“Sex” and “Gender” Need a 3rd Word
English needs a 3rd word to resolve the ambiguity between “sex” and “gender”.
“Sex” is a BIOLOGICAL concept, hard-coded into our genes, involving exactly two alternatives: male (XY chromosomes, wired to produce large numbers of small gametes: sperm cells) and female (XX chromosomes, with small numbers of large gametes: egg cells). This hard coding is not affected by castration, hysterectomy, or any amount of plastic surgery or artificial hormones.
“Gender” is a LINGUISTIC method of distinguishing between certain classes of nouns, pronouns, and adjectives, usually involving 3 alternatives: masculine, feminine, and neuter (in some languages, only 2: animate and inanimate). Gender is only loosely associated with sex. For example, in Latin the words for the traditionally male-dominated occupations of sailor and farmer are the feminine nouns nauta and agricola. And, of course, for the gargantuan majority of things we can name, there’s no biological sex at all available to be associated with inanimate objects such as table (tabula) or coin (nummus). Estimates are that about half the world’s languages are gendered.

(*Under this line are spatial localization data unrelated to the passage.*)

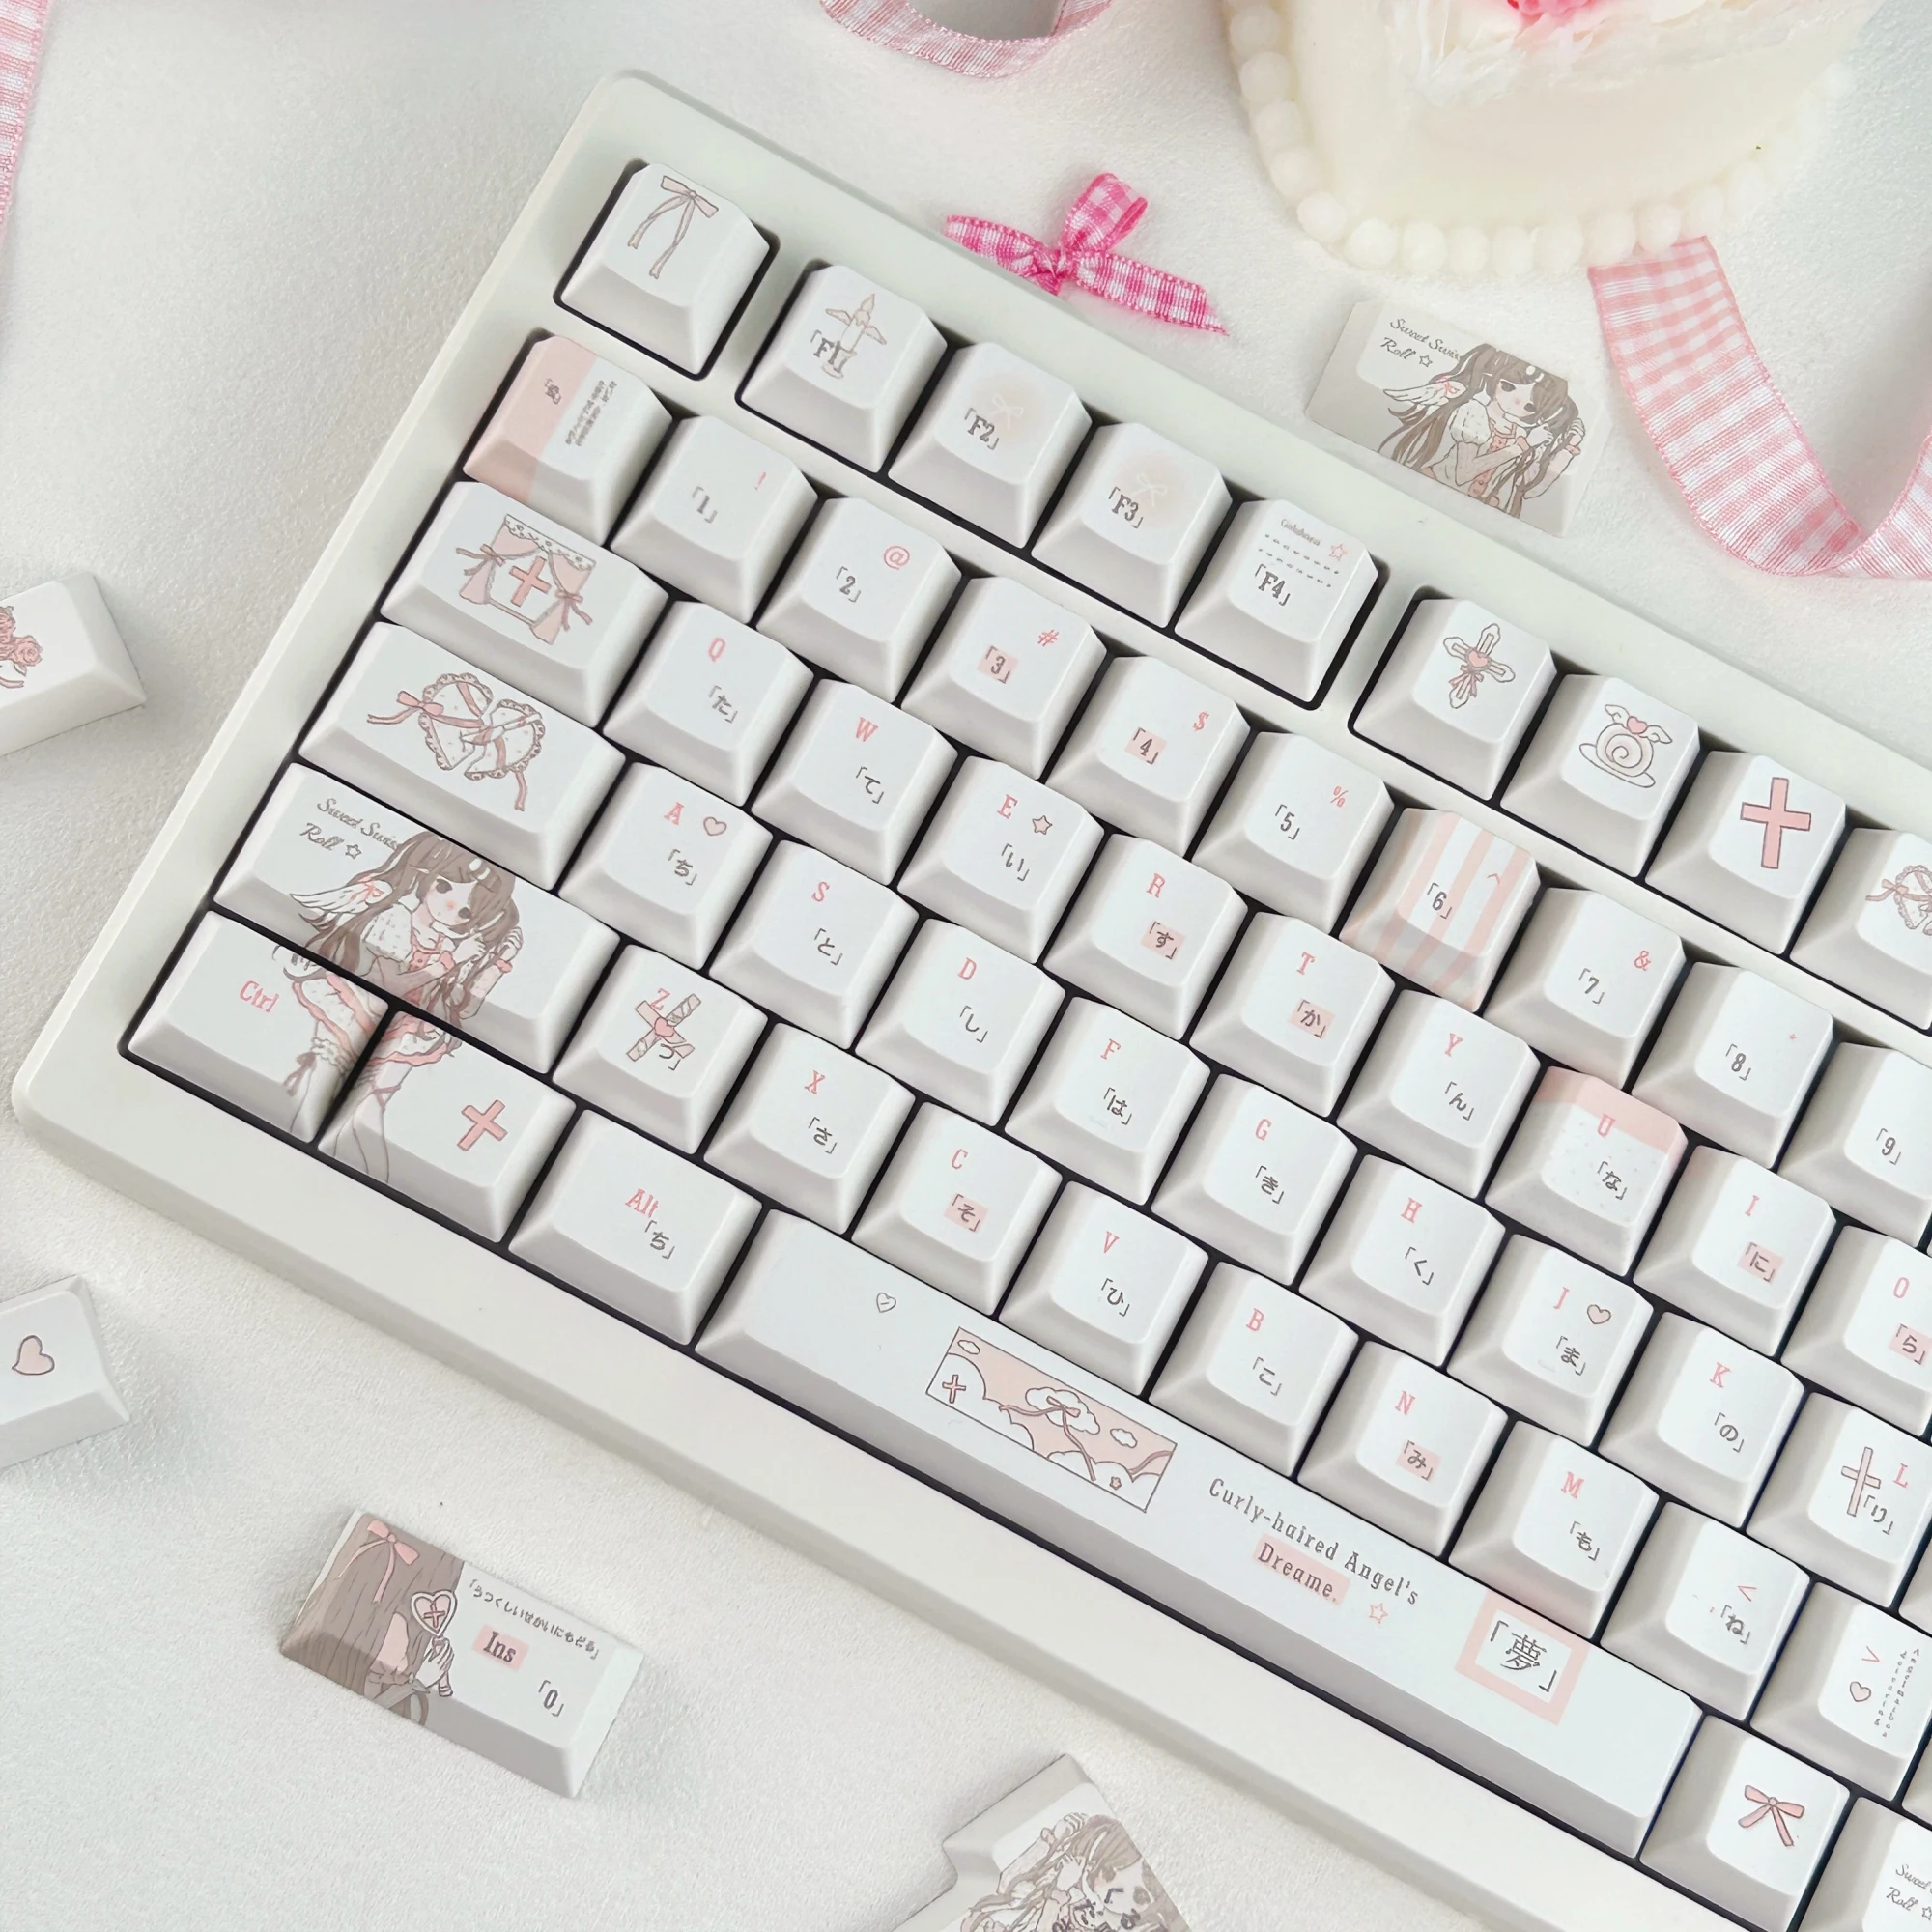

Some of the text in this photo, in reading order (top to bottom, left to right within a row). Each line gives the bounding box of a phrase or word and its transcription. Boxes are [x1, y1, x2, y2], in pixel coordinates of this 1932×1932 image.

[1389, 318, 1427, 344] Sweet
[1379, 337, 1416, 361] Roll
[965, 408, 999, 450] 「F2」
[754, 472, 766, 490] !
[693, 487, 717, 523] 「1」
[1109, 487, 1143, 528] 「F3」
[883, 546, 910, 570] @
[836, 566, 861, 603] 「2」
[1255, 563, 1291, 607] 「F4」
[708, 638, 725, 662] Q
[1037, 630, 1059, 647] #
[985, 646, 1010, 684] 「3」
[710, 686, 737, 723] 「た」
[1193, 712, 1209, 731] $
[856, 717, 878, 742] W
[1133, 727, 1158, 764] 「4」
[856, 767, 884, 804] 「て」
[1331, 786, 1348, 807] %
[664, 801, 685, 826] A
[997, 794, 1018, 819] E
[1275, 805, 1299, 840] 「5」
[299, 823, 344, 854] Roll
[667, 848, 697, 887] 「ち」
[1002, 843, 1029, 881] 「い」
[811, 882, 830, 902] S
[1147, 873, 1165, 898] R
[1427, 882, 1452, 920] 「6」
[814, 928, 842, 965] 「と」
[1150, 922, 1177, 959] 「す」
[958, 957, 977, 980] D
[1297, 952, 1315, 975] T
[1634, 951, 1651, 971] &
[240, 980, 279, 1012] Ctrl
[650, 987, 670, 1011] Z
[1579, 968, 1605, 1004] 「7」
[960, 1006, 988, 1043] 「し」
[1297, 1000, 1326, 1038] 「か」
[1101, 1038, 1121, 1060] F
[1445, 1033, 1463, 1057] Y
[1726, 1044, 1751, 1081] 「8」
[805, 1070, 825, 1094] X
[1104, 1088, 1132, 1125] 「は」
[1445, 1081, 1474, 1121] 「ん」
[809, 1117, 837, 1154] 「さ」
[1256, 1119, 1271, 1141] G
[1597, 1113, 1615, 1137] U
[952, 1149, 968, 1169] C
[1876, 1128, 1901, 1165] 「9」
[1256, 1166, 1284, 1204] 「き」
[1598, 1161, 1627, 1200] 「な」
[625, 1188, 659, 1218] Alt
[952, 1194, 980, 1232] 「そ」
[1401, 1198, 1422, 1223] H
[1745, 1195, 1759, 1216] I
[644, 1219, 675, 1260] 「ち」
[1104, 1231, 1120, 1253] V
[1405, 1247, 1434, 1285] 「く」
[1746, 1242, 1776, 1283] 「に」
[1101, 1278, 1129, 1317] 「ひ」
[1553, 1287, 1570, 1309] J
[1893, 1277, 1909, 1298] O
[1246, 1308, 1264, 1331] B
[1556, 1336, 1585, 1376] 「ま」
[1253, 1357, 1282, 1396] 「こ」
[1710, 1362, 1730, 1388] K
[1395, 1391, 1415, 1415] N
[1715, 1412, 1744, 1453] 「の」
[1404, 1440, 1433, 1481] 「み」
[1892, 1463, 1909, 1489] L
[1561, 1472, 1584, 1499] M
[1863, 1494, 1893, 1535] 「り」
[1209, 1478, 1418, 1605] Curly-haired Angel's
[1570, 1521, 1600, 1561] 「も」
[483, 1631, 517, 1664] Ins
[1490, 1620, 1558, 1693] 「夢」
[539, 1680, 564, 1717] 「0」
[1886, 1887, 1918, 1911] Roll

However, in English the last vestige of gender is in the 3rd-person singular pronoun, 8 words (out of the 700,000 available) that all by themselves occupy about 2% of English-speakers’ mental space. There have been about a dozen proposed gender-neutral pronouns (you could look them up on Wikipedia), any of which would be an improvement. All we’d have to do is just pick one, even if we used the dartboard method. But no, that would deprive us Americans of all the fun we’re having wasting ink, time, angst, indignation, and backbiting over the issue.

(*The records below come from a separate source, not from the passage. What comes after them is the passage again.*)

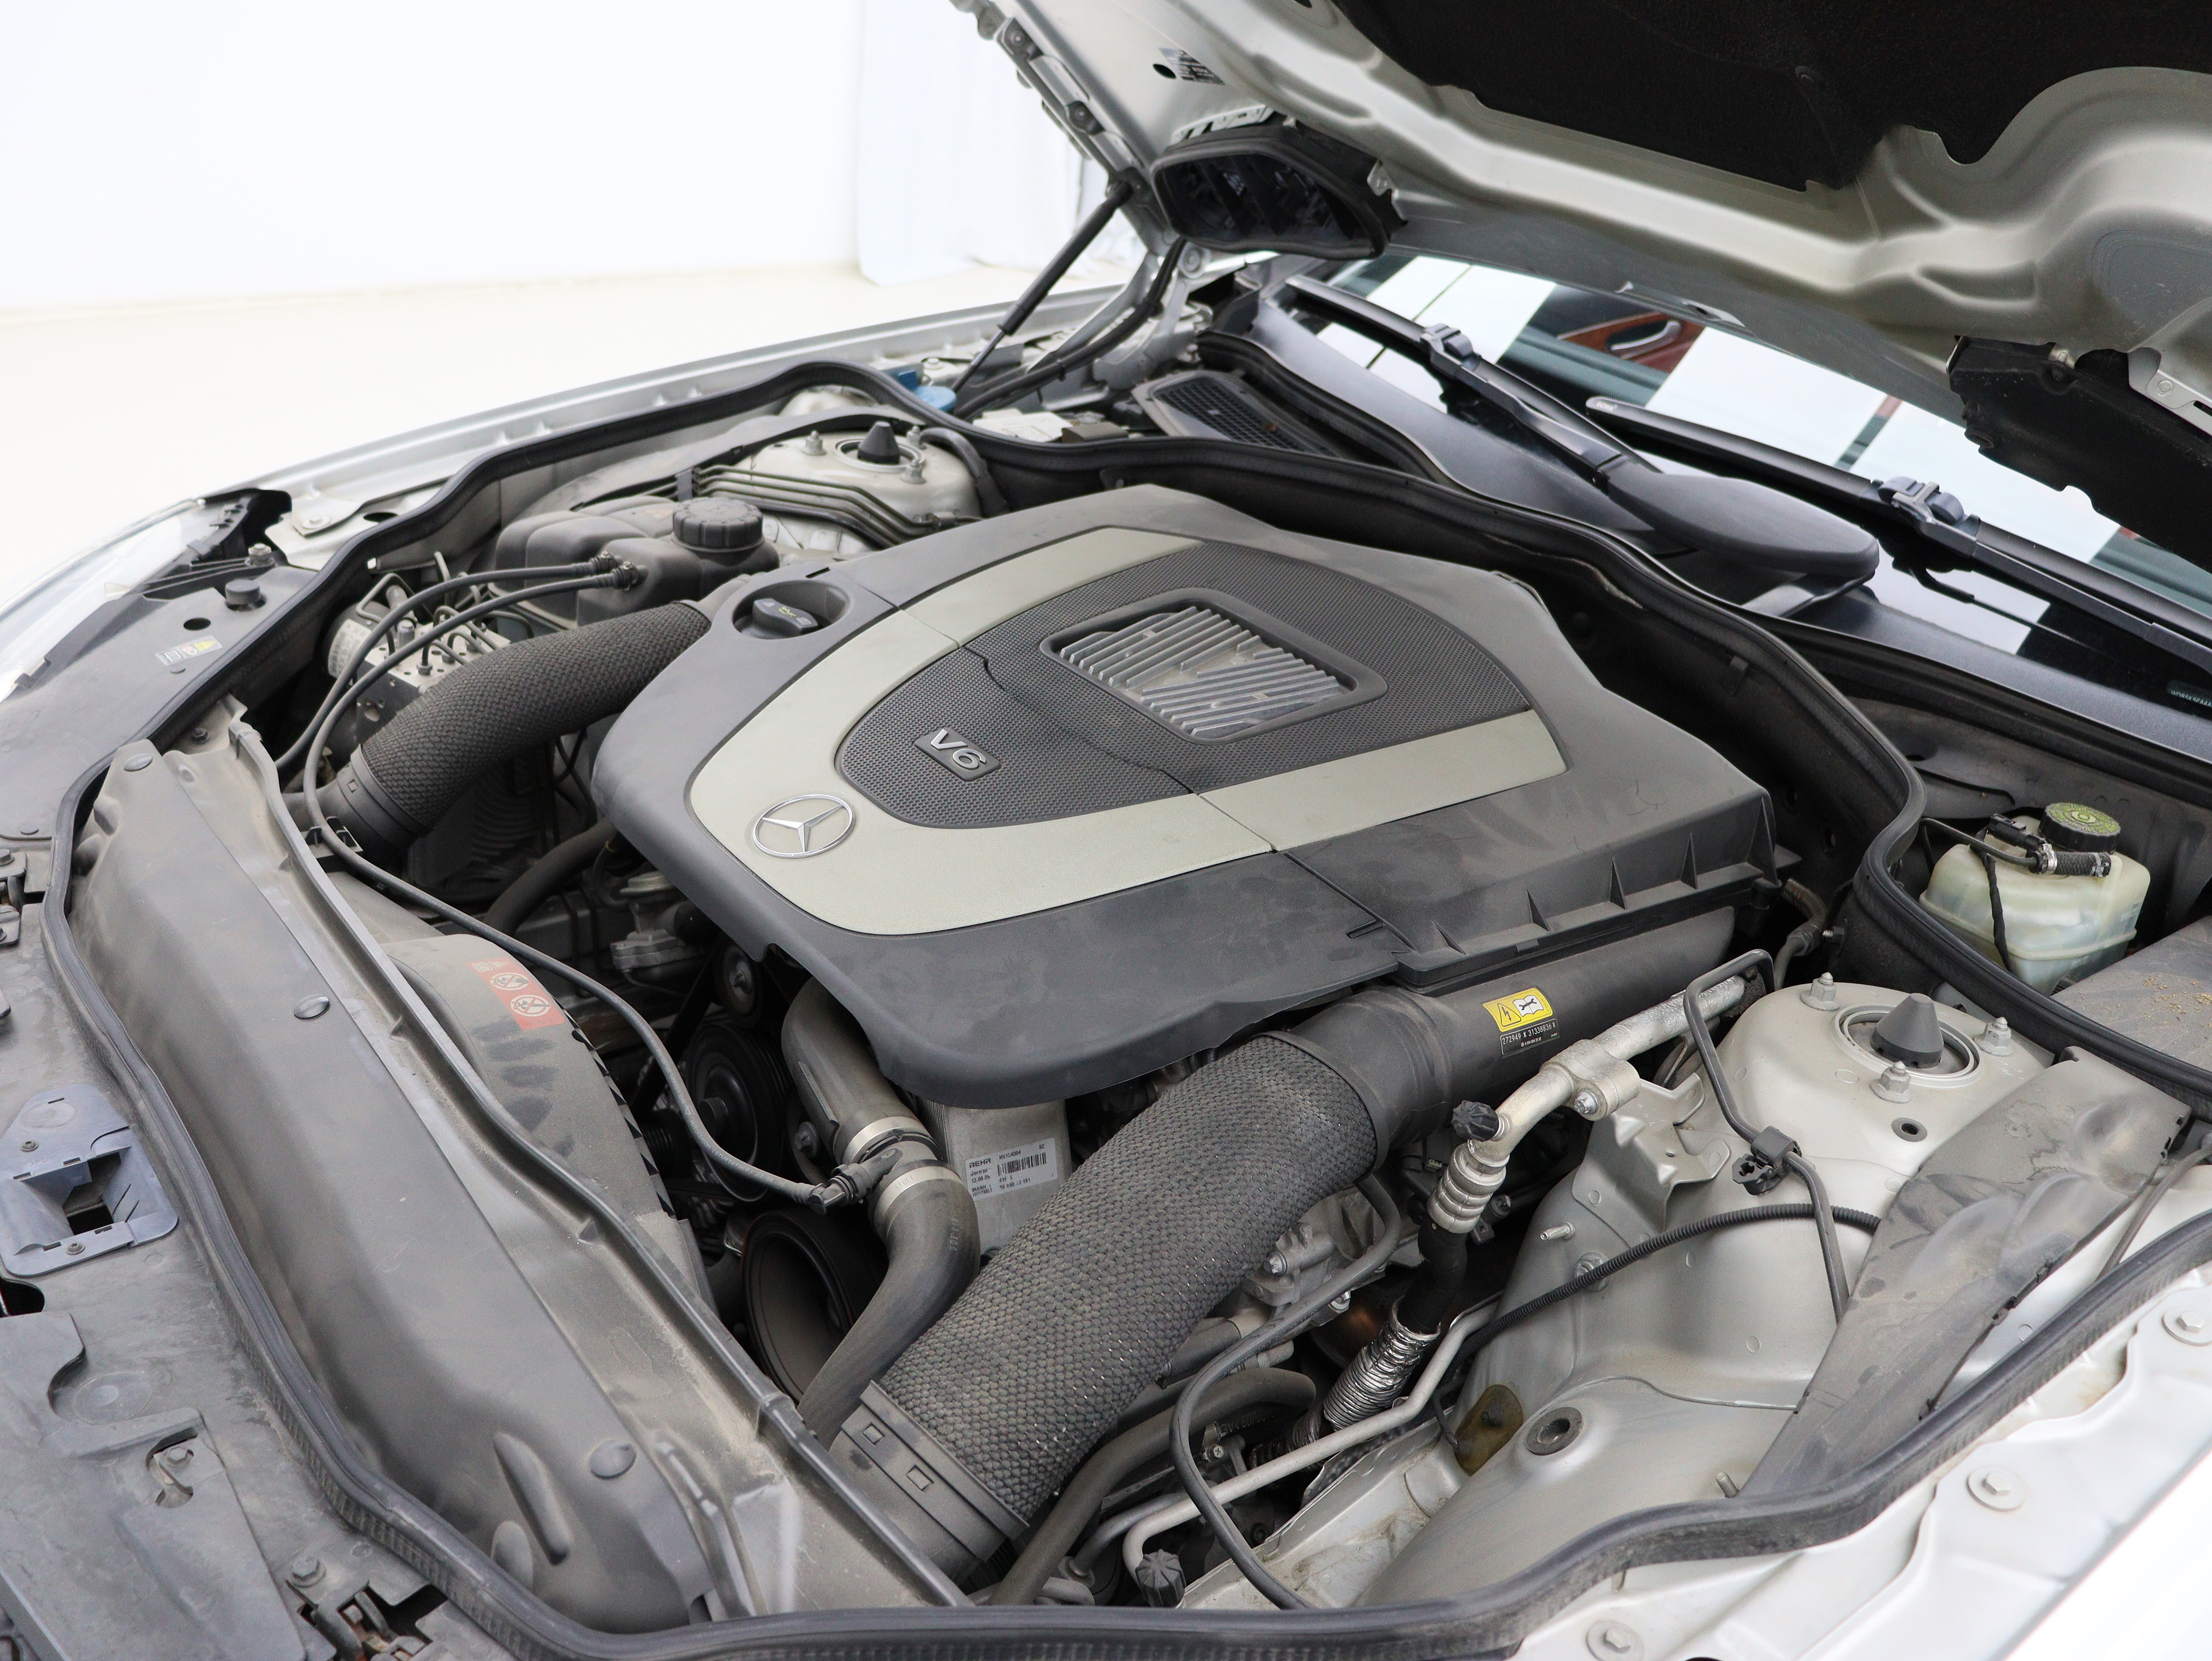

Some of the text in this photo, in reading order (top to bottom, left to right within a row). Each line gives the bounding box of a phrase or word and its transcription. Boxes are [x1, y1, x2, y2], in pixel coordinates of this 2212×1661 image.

[931, 729, 986, 769] V6
[1502, 1033, 1521, 1044] 272949
[1528, 1023, 1552, 1037] 31338836
[690, 1120, 711, 1149] HUTCHINSON
[969, 1158, 991, 1169] BEHR

But there’s a third related condition as well. Neither “sex” nor “gender” adequately describes the SOCIAL concept of how a given person “identifies”. That involves all sorts of differences in how a person presents to others in terms of physique, hair, clothing, affect, speech, gestures, assertiveness, etc. And there are many more than merely 2 or 3 combinations of those, so we’ve got a spectrum of categories used to describe them. What we lack is an overall noun that distinguishes this social meaning from both the biological and linguistic ones. The closest we’ve come are the phrases “sex role” or “gender identity”, but they’re not really getting the job done. All too many people refer to them just by the shorthand “sex” or “gender”, thereby conflating the social and linguistic meanings (akin to 1984’s “war is peace, ignorance is strength”), thereby making it difficult to talk meaningfully about either without having to throw in verbal asterisks.
So, rather than prolong the ongoing pissing contest over the issue, why doesn’t somebody just come up with that 3rd word so we can all get on with our lives?